Assignment: Once the pictures have been excluded, set down each remaining entry word for word.

[Stored items from a collection]
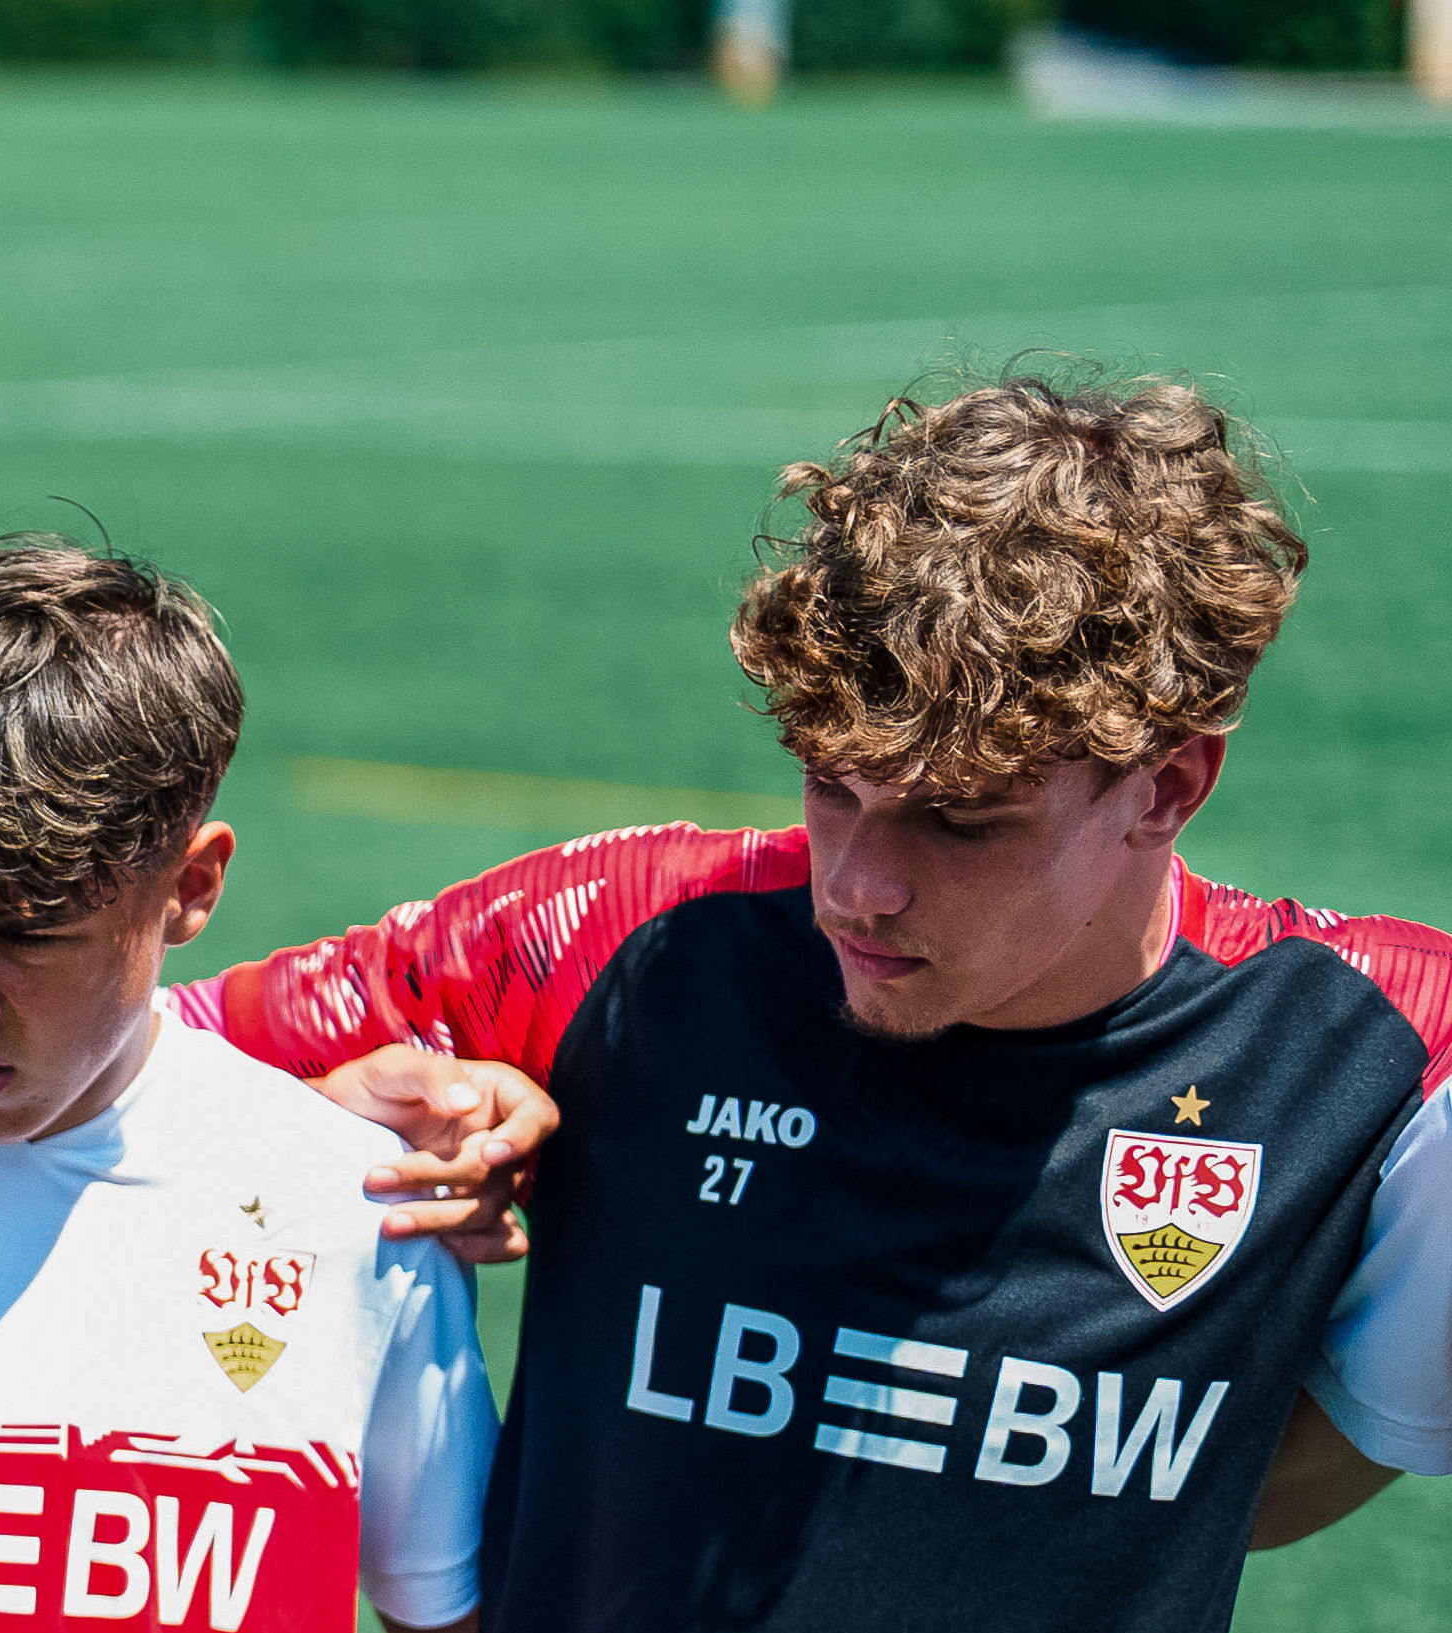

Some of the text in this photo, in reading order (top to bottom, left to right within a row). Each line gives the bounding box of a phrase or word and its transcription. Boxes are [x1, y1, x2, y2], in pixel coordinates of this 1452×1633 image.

[686, 1094, 816, 1149] JAKO
[698, 1155, 755, 1206] 27
[1112, 1145, 1247, 1218] VfB
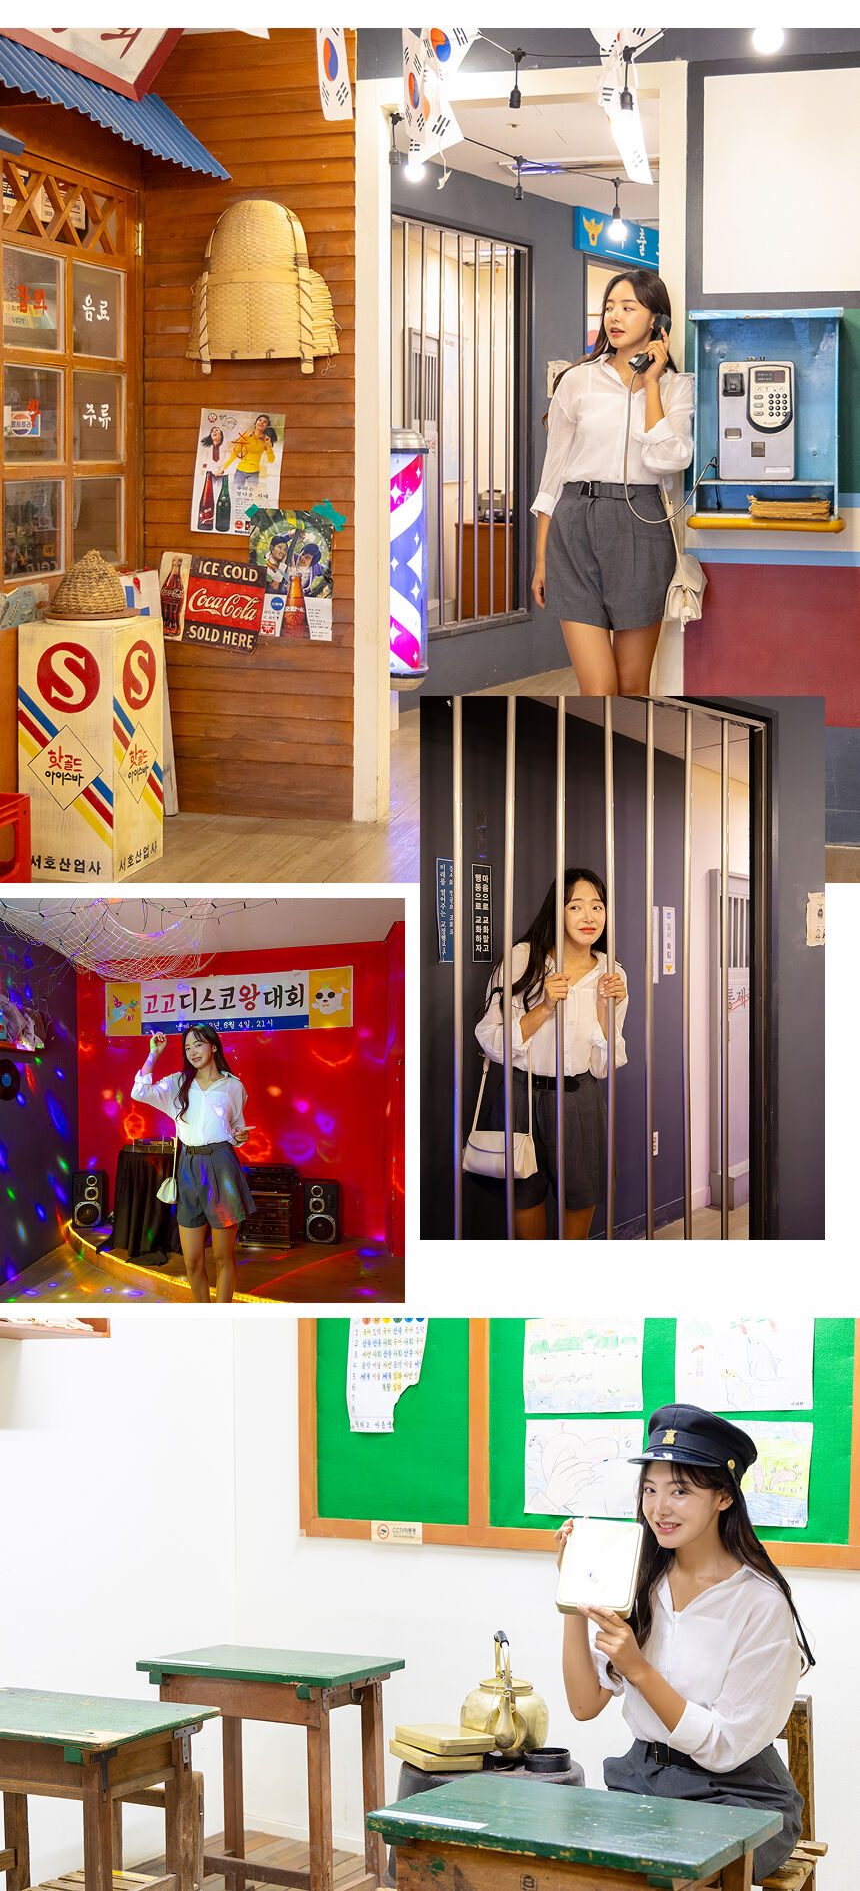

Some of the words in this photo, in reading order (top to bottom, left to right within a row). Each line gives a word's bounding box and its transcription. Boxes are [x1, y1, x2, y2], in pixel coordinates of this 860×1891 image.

[82, 294, 110, 322] 음료
[82, 403, 112, 430] 주류
[198, 560, 220, 576] ICE
[223, 564, 258, 582] COLD
[188, 625, 220, 642] SOLD
[222, 630, 255, 649] HERE
[51, 649, 86, 705] S
[130, 649, 150, 701] S
[48, 746, 82, 771] 핫골드
[129, 744, 148, 769] 핫골드
[45, 770, 84, 787] 아이스바
[128, 765, 149, 786] 아이스바
[31, 855, 102, 875] 서호산업사
[118, 840, 158, 873] 서호산업사
[474, 873, 482, 910] 행동으로
[256, 1018, 273, 1028] 21시
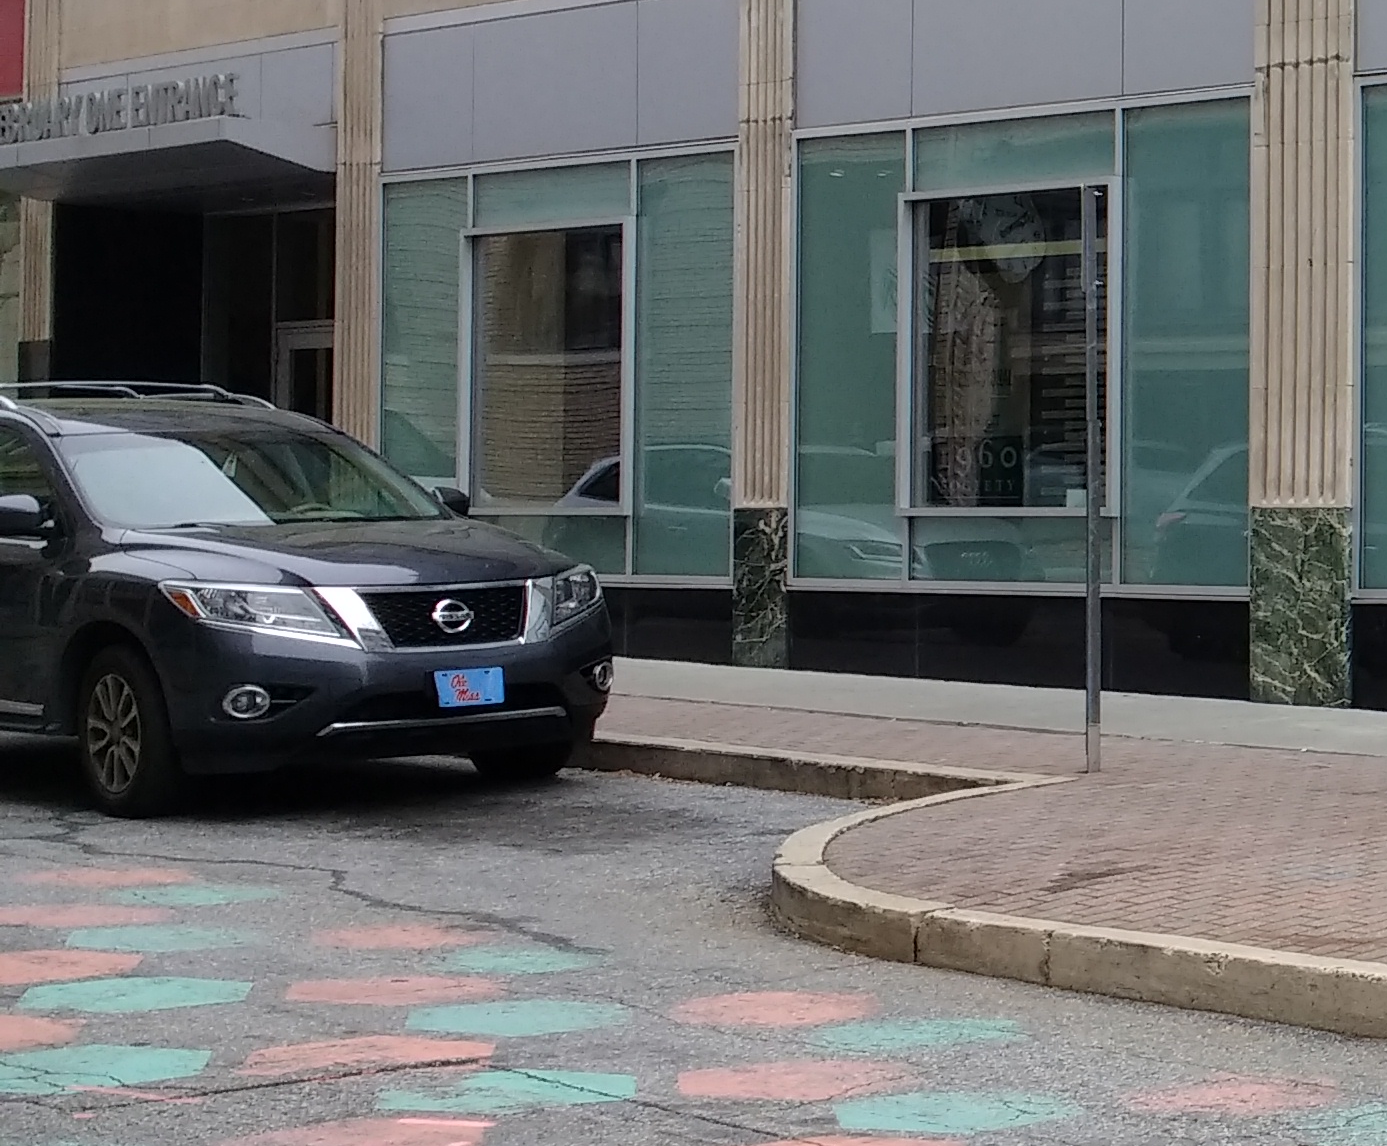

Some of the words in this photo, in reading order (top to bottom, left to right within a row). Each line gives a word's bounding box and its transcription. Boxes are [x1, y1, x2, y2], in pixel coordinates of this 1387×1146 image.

[85, 87, 130, 135] ONE
[130, 71, 240, 129] ENTRANCE
[454, 687, 482, 703] Miss

Task response:
Some of the text in this photo, in reading order (top to bottom, left to right within a row). Each line gives the bounding box of a phrase or word and its transcription. Boxes are [x1, y1, x2, y2], in pixel coordinates of this 1452×1633 image.

[686, 1094, 816, 1149] JAKO
[698, 1155, 755, 1206] 27
[1112, 1145, 1247, 1218] VfB

Some of the words in this photo, in reading order (top to bottom, left to right within a row). Each line gives a word's bounding box and its transcription. Boxes are [x1, y1, x2, y2], in pixel coordinates of this 860×1891 image.

[82, 294, 110, 322] 음료
[82, 403, 112, 430] 주류
[198, 560, 220, 576] ICE
[223, 564, 258, 582] COLD
[188, 625, 220, 642] SOLD
[222, 630, 255, 649] HERE
[51, 649, 86, 705] S
[130, 649, 150, 701] S
[48, 746, 82, 771] 핫골드
[129, 744, 148, 769] 핫골드
[45, 770, 84, 787] 아이스바
[128, 765, 149, 786] 아이스바
[31, 855, 102, 875] 서호산업사
[118, 840, 158, 873] 서호산업사
[474, 873, 482, 910] 행동으로
[256, 1018, 273, 1028] 21시

Some of the words in this photo, in reading order (top to bottom, left to right within a row). Each line gives a word's bounding box and its transcription. Boxes are [x1, y1, x2, y2], in pixel coordinates of this 1387×1146 image.

[85, 87, 130, 135] ONE
[130, 71, 240, 129] ENTRANCE
[454, 687, 482, 703] Miss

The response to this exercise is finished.